= YOUR OBJECTIVE =
Skip every image and restate the data word for word.

= AVAILABLE DATA =
* * * *

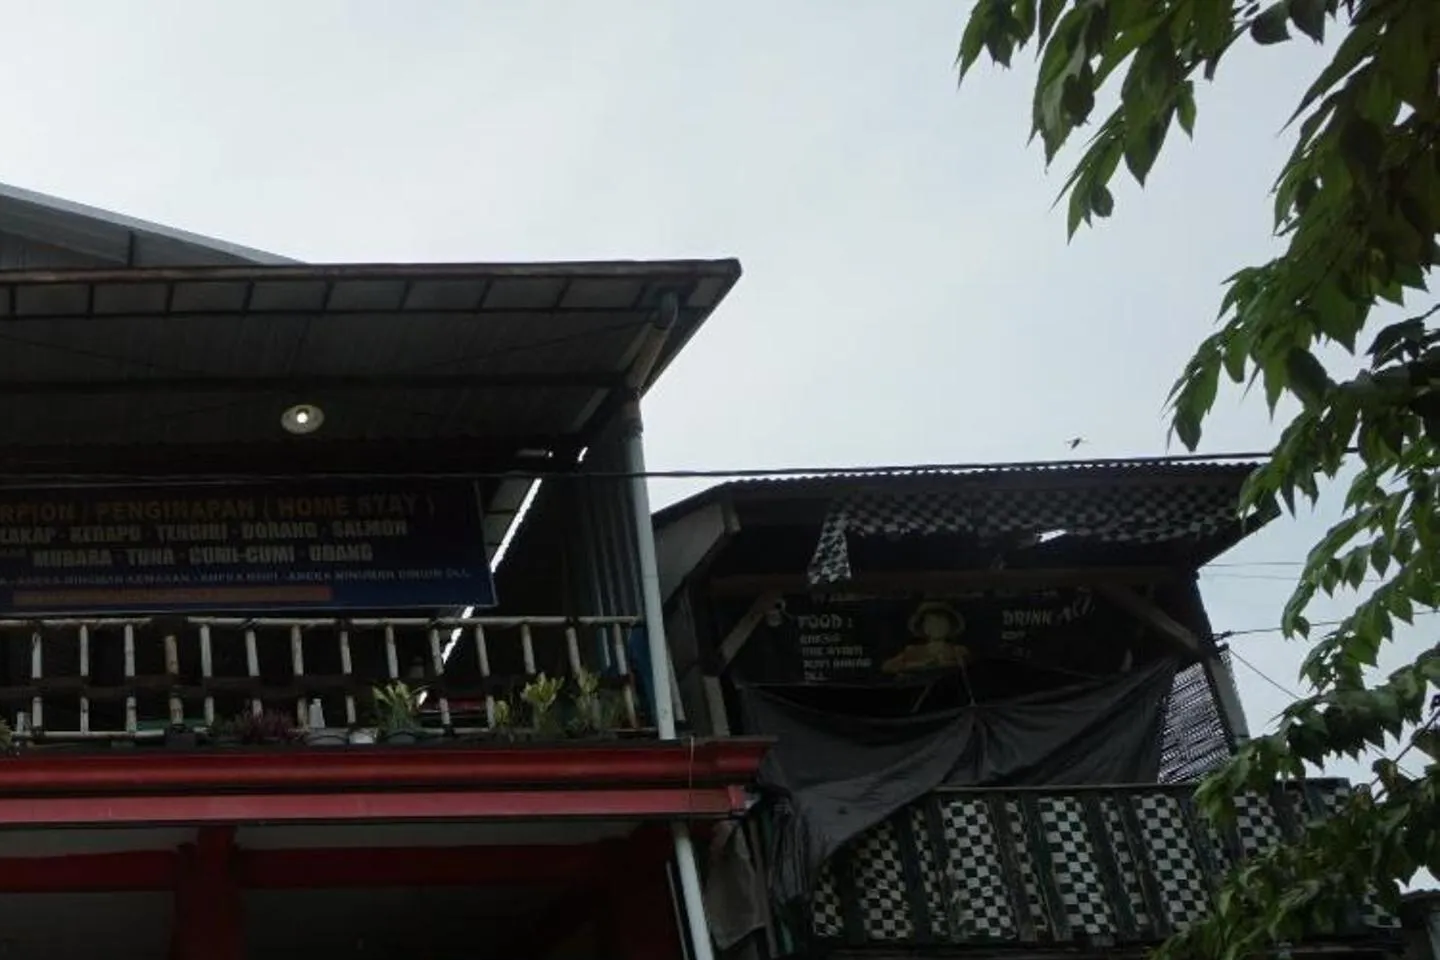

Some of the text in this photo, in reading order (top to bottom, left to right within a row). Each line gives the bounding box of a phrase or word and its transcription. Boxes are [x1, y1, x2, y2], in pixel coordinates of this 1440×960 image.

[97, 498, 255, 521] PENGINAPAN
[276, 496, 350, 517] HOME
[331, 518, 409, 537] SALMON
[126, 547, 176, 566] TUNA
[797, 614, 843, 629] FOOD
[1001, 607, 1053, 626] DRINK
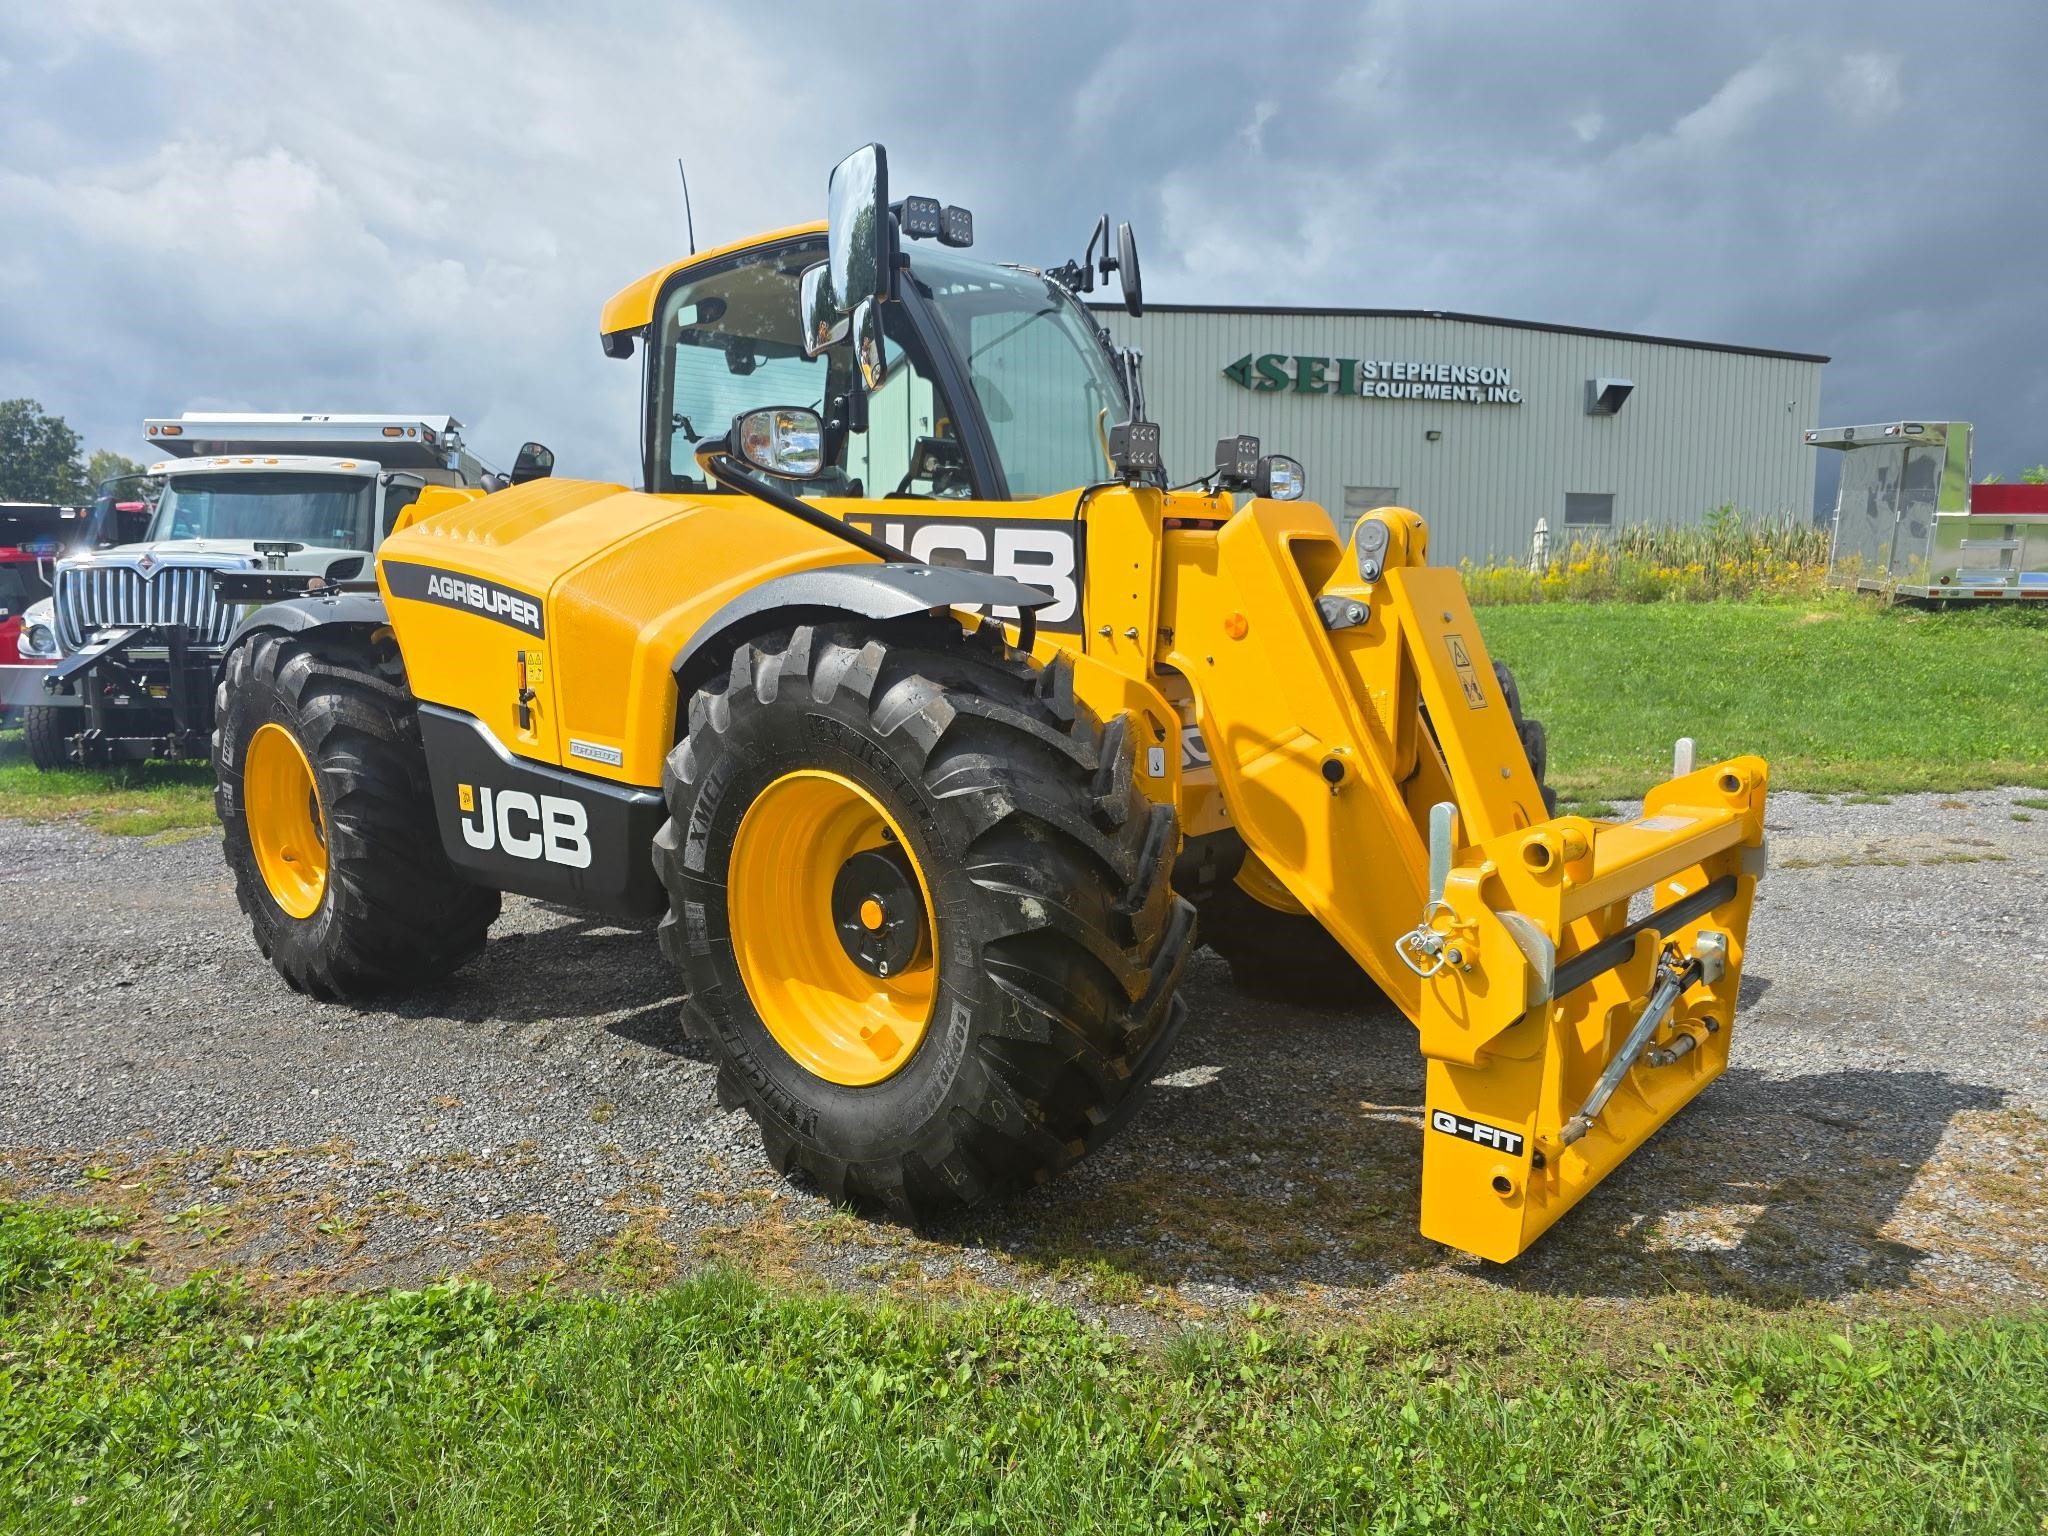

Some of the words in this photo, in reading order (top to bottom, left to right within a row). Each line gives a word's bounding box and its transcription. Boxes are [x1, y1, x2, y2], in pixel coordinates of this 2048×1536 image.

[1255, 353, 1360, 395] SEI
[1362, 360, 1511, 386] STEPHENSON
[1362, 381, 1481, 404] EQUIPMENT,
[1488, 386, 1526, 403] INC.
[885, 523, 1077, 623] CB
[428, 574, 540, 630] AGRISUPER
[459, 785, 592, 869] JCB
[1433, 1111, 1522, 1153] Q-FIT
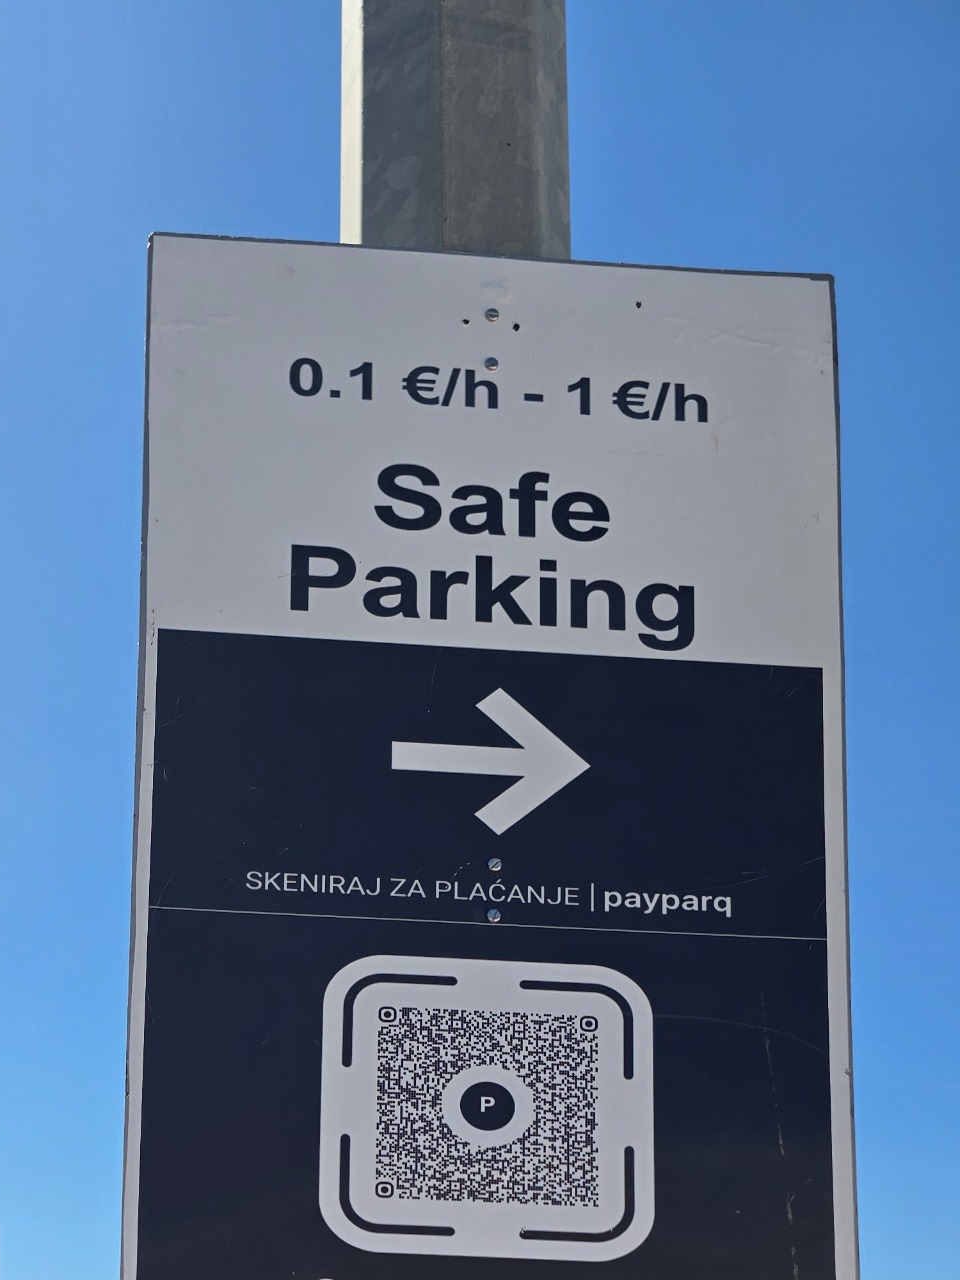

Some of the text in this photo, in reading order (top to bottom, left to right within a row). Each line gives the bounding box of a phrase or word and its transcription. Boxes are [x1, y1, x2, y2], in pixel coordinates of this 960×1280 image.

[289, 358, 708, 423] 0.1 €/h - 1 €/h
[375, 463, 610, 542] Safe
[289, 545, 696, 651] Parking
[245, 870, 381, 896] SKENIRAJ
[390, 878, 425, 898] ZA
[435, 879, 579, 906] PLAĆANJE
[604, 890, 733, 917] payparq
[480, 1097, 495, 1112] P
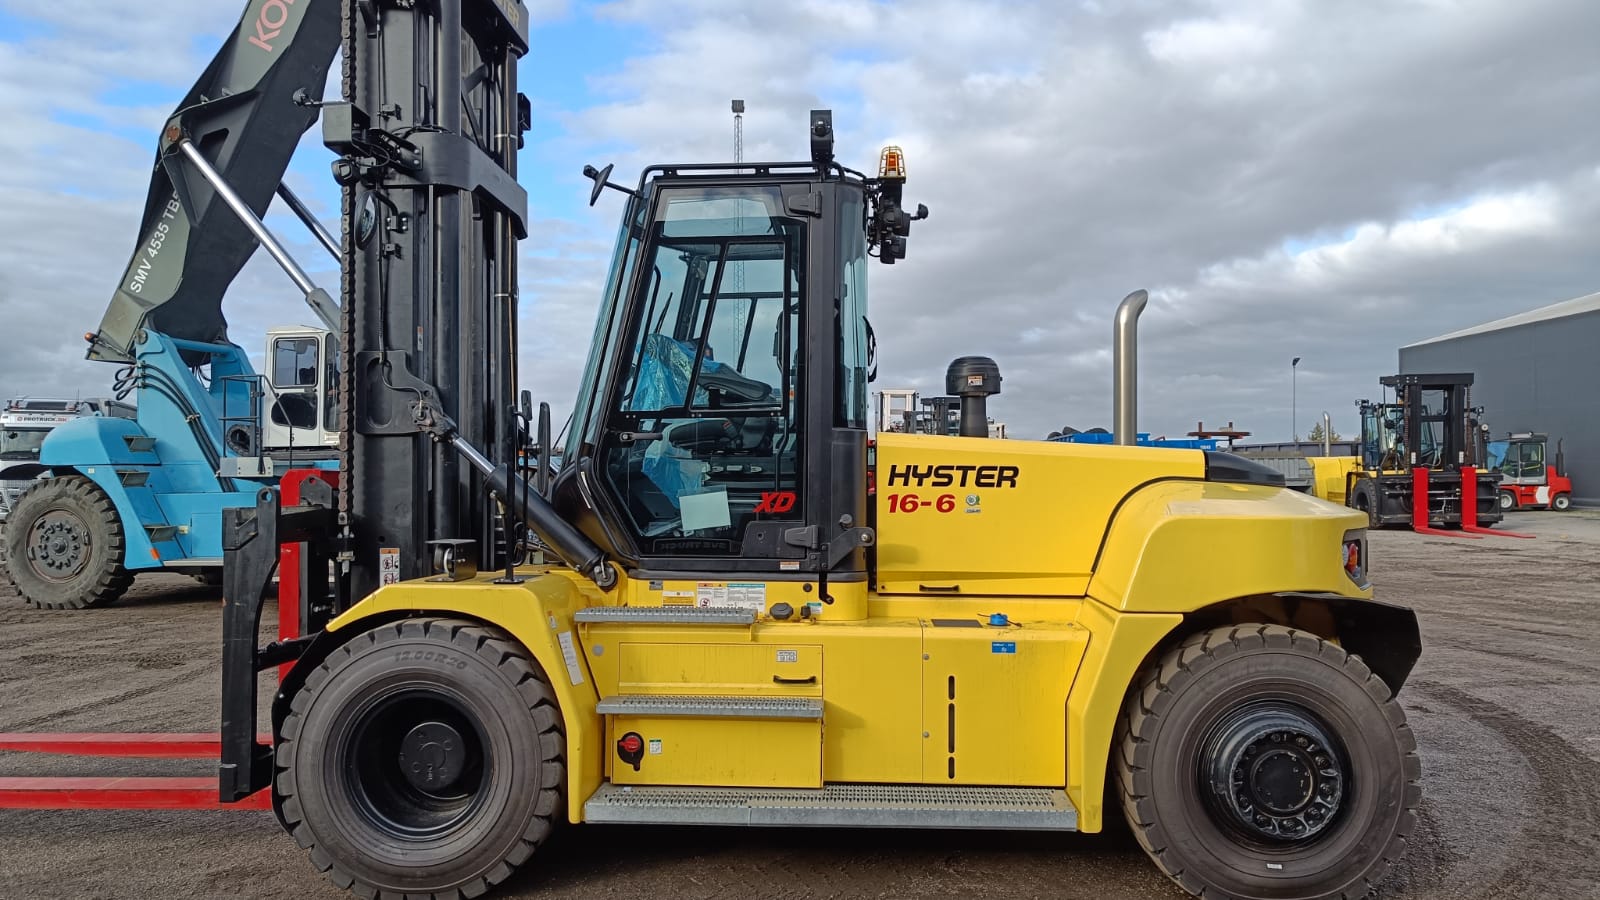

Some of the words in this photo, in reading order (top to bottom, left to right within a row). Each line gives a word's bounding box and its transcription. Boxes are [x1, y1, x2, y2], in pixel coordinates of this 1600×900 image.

* * * *

= RESULT =
Some of the text in this photo, in reading order (top to bottom, left to right within a row). Each line gives the bounding box of a phrase or word and its transcription. Boxes are [x1, y1, x2, y2], in pixel coordinates of this 1440×960 image.

[97, 498, 255, 521] PENGINAPAN
[276, 496, 350, 517] HOME
[331, 518, 409, 537] SALMON
[126, 547, 176, 566] TUNA
[797, 614, 843, 629] FOOD
[1001, 607, 1053, 626] DRINK

Some of the words in this photo, in reading order (top to bottom, left to right within a row). Each line gives a word's bounding box and its transcription. Boxes are [x1, y1, x2, y2], in pixel coordinates of this 2048×1536 image.

[1255, 353, 1360, 395] SEI
[1362, 360, 1511, 386] STEPHENSON
[1362, 381, 1481, 404] EQUIPMENT,
[1488, 386, 1526, 403] INC.
[885, 523, 1077, 623] CB
[428, 574, 540, 630] AGRISUPER
[459, 785, 592, 869] JCB
[1433, 1111, 1522, 1153] Q-FIT

Some of the text in this photo, in reading order (top to bottom, left to right within a row). Each line gives the bounding box of a phrase or word and its transcription. Boxes are [x1, y1, x2, y2], in pixel coordinates of this 960×1280 image.

[289, 358, 708, 423] 0.1 €/h - 1 €/h
[375, 463, 610, 542] Safe
[289, 545, 696, 651] Parking
[245, 870, 381, 896] SKENIRAJ
[390, 878, 425, 898] ZA
[435, 879, 579, 906] PLAĆANJE
[604, 890, 733, 917] payparq
[480, 1097, 495, 1112] P

Some of the words in this photo, in reading order (top to bottom, left to right within a row). Each line gives a word's bounding box and its transcription. Boxes are [x1, y1, x2, y2], in pixel coordinates of this 1600×900 image.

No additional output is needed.